Community resources.

Community resources:
Local farmers market Local parks Local sports teams
Local farm stores Public swimming pool Yoga & Dance Classes
Community “Healthy Lifestyle” Events Pedometer program
Neighborhood Playgrounds

5. Discussion

In the world of primary care, it is sometimes difficult to incorporate lengthy evidence-based guidelines into practice. Through an innovation model, the practice incorporated the HEAT guidelines by developing a user-friendly tracking tool that had significant staff buy-in, increasing fidelity of use. The tool served as a reminder of childhood obesity during preventative examinations and created a seamless way to follow the progression of individual patients. Prior research clearly suggests the value of lifestyle behavioral modification used as a childhood obesity prevention and intervention strategy [11] and supports implementation of childhood obesity identification and familial education within in pediatric primary care.

This translation of evidence into practice empowered staff to become change agents while enhancing the care provided to pediatric patients.
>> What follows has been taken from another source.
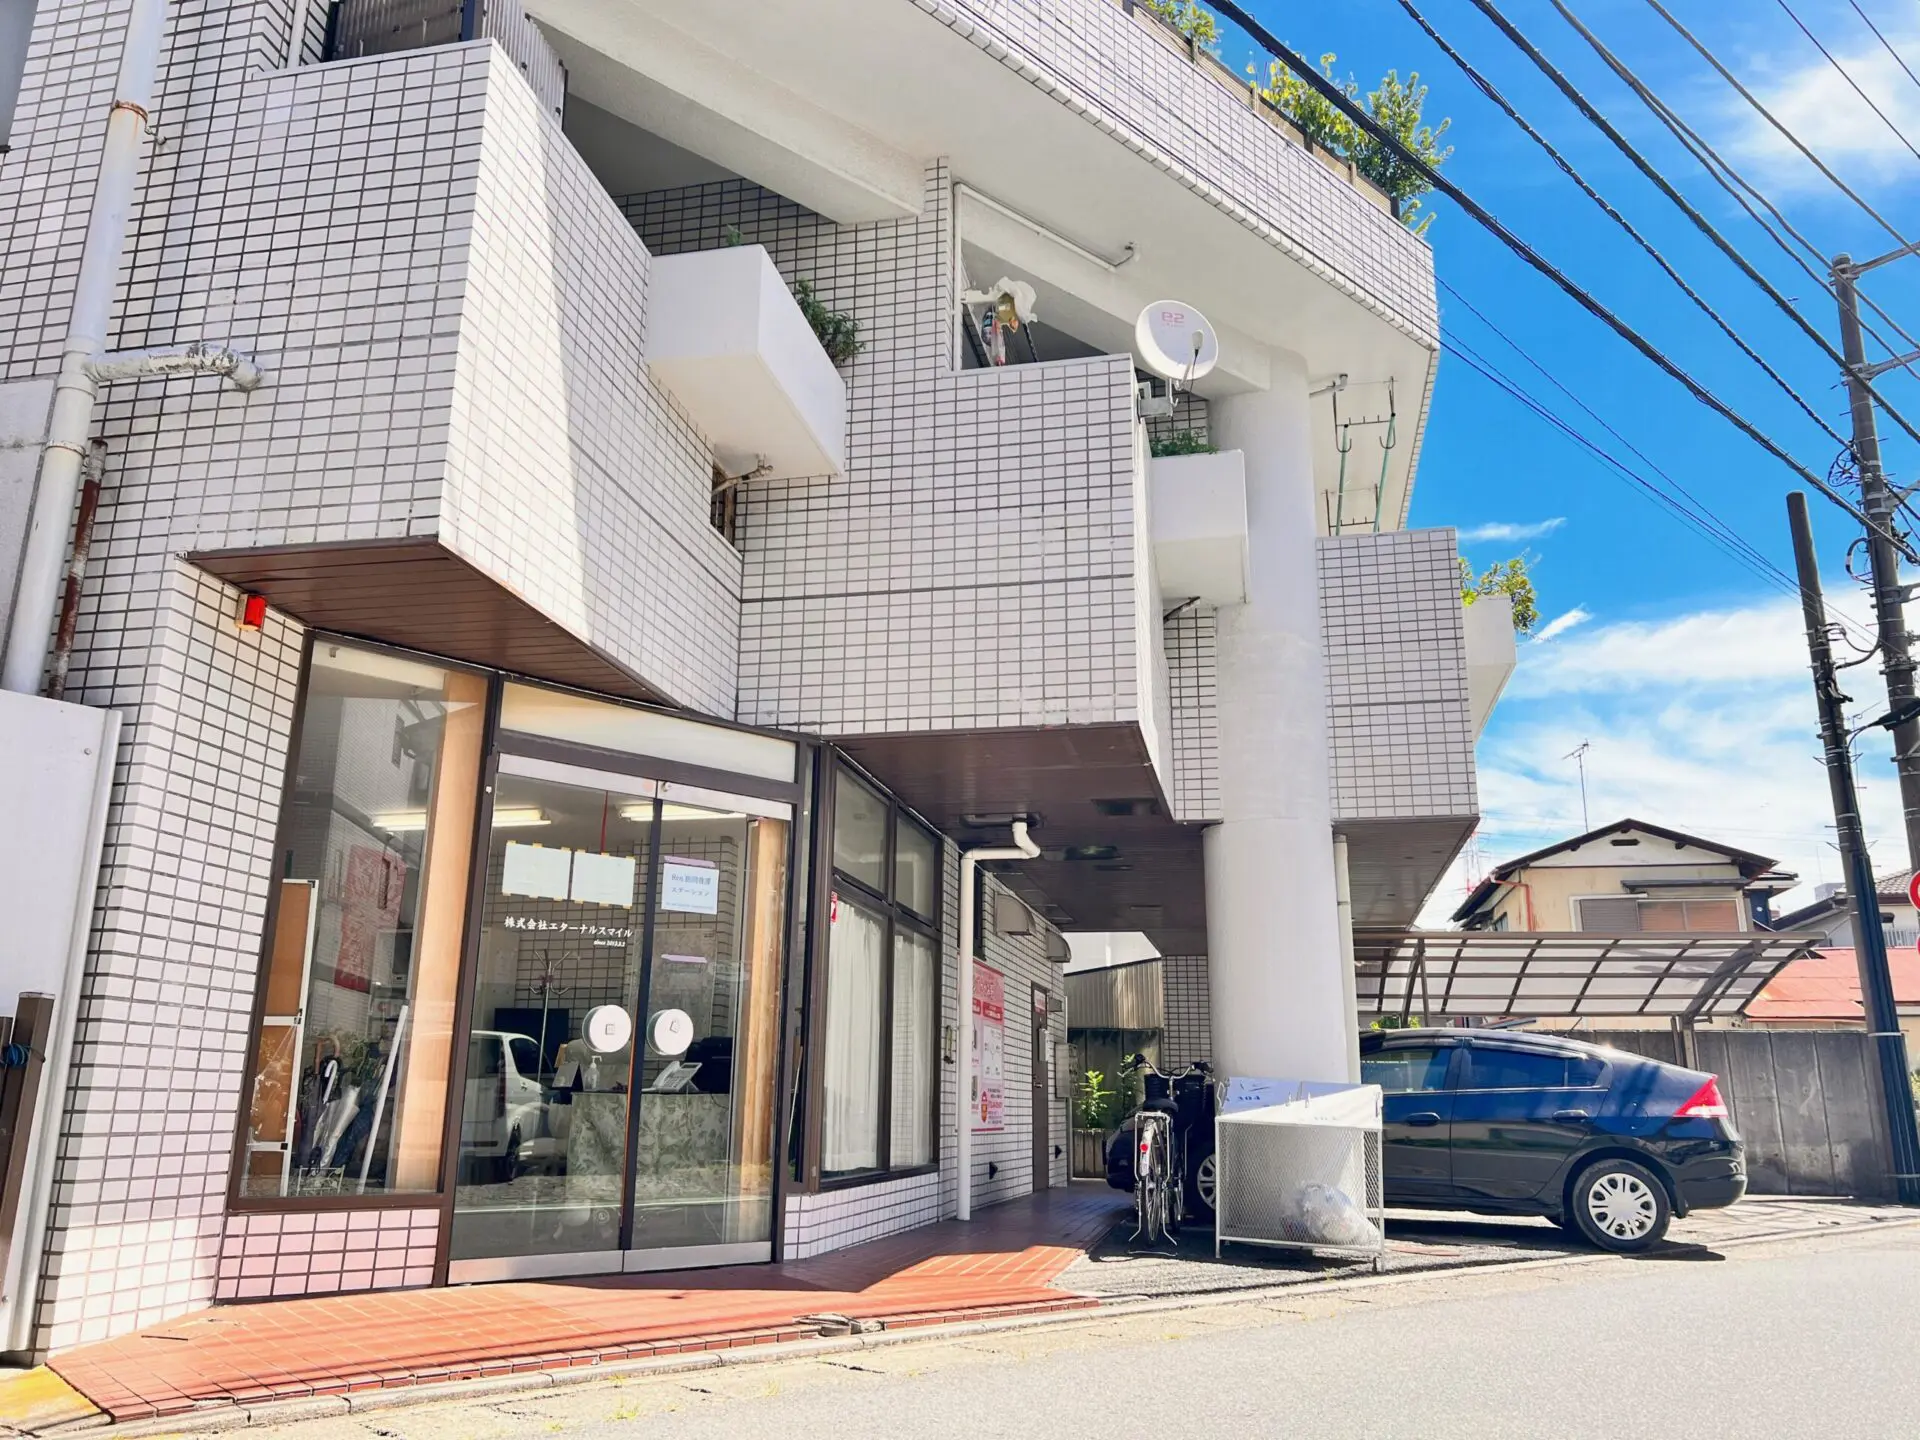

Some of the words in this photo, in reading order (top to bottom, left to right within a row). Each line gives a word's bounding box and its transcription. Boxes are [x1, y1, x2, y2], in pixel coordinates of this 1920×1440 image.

[504, 916, 633, 938] 株式会社エターナルスマイル
Using the tracking tool significantly improved practice documentation of obesity identification and therapeutic interventions for pediatric patients resulting in increased awareness of obesity prevention and provision of opportunities to effectively monitor at-risk children. The tracking form served as a successful evidenced based tool for pediatric primary care providers in the practice to empower patients and families to make healthy lifestyle choices through motivational interviewing techniques.

6. Implications

The incorporation of MI on the tracking tool provides an evidence-based approach for encouraging patients and their families to make healthy lifestyle decisions. Although the tool has not been used long enough to indicate a change in patient behavior or clinical outcomes, an increase in provider awareness and education is the beginning step for creating healthier lifestyles and decreasing risk factors in a vulnerable population. Research is needed to evaluate the effects of the evidence based-guidelines on positive behavior change and obesity rates in patients and families.

7. Sustainability

Sustainability is important to maintain the clinical gains of increased documentation rather than reverting to old practices. This innovation will require continued revision and improvement in an effort to decrease the likelihood that the innovation becomes an antiquated practice. Through this continual feedback and revision, the innovation will ultimately serve as a catalyst for future changes in childhood obesity identification and prevention education in the primary care practice.

Conflict of interest

None.

Ethical clearance

The practice project involved quality improvement of childhood obesity identification and education within the practice and did not include research interventions that affected participants’ well-being. IRB approval was obtained through the Duke University Institutional Review Board.

Footnotes

Peer review under responsibility of King Faisal Specialist Hospital & Research Centre (General Organization), Saudi Arabia.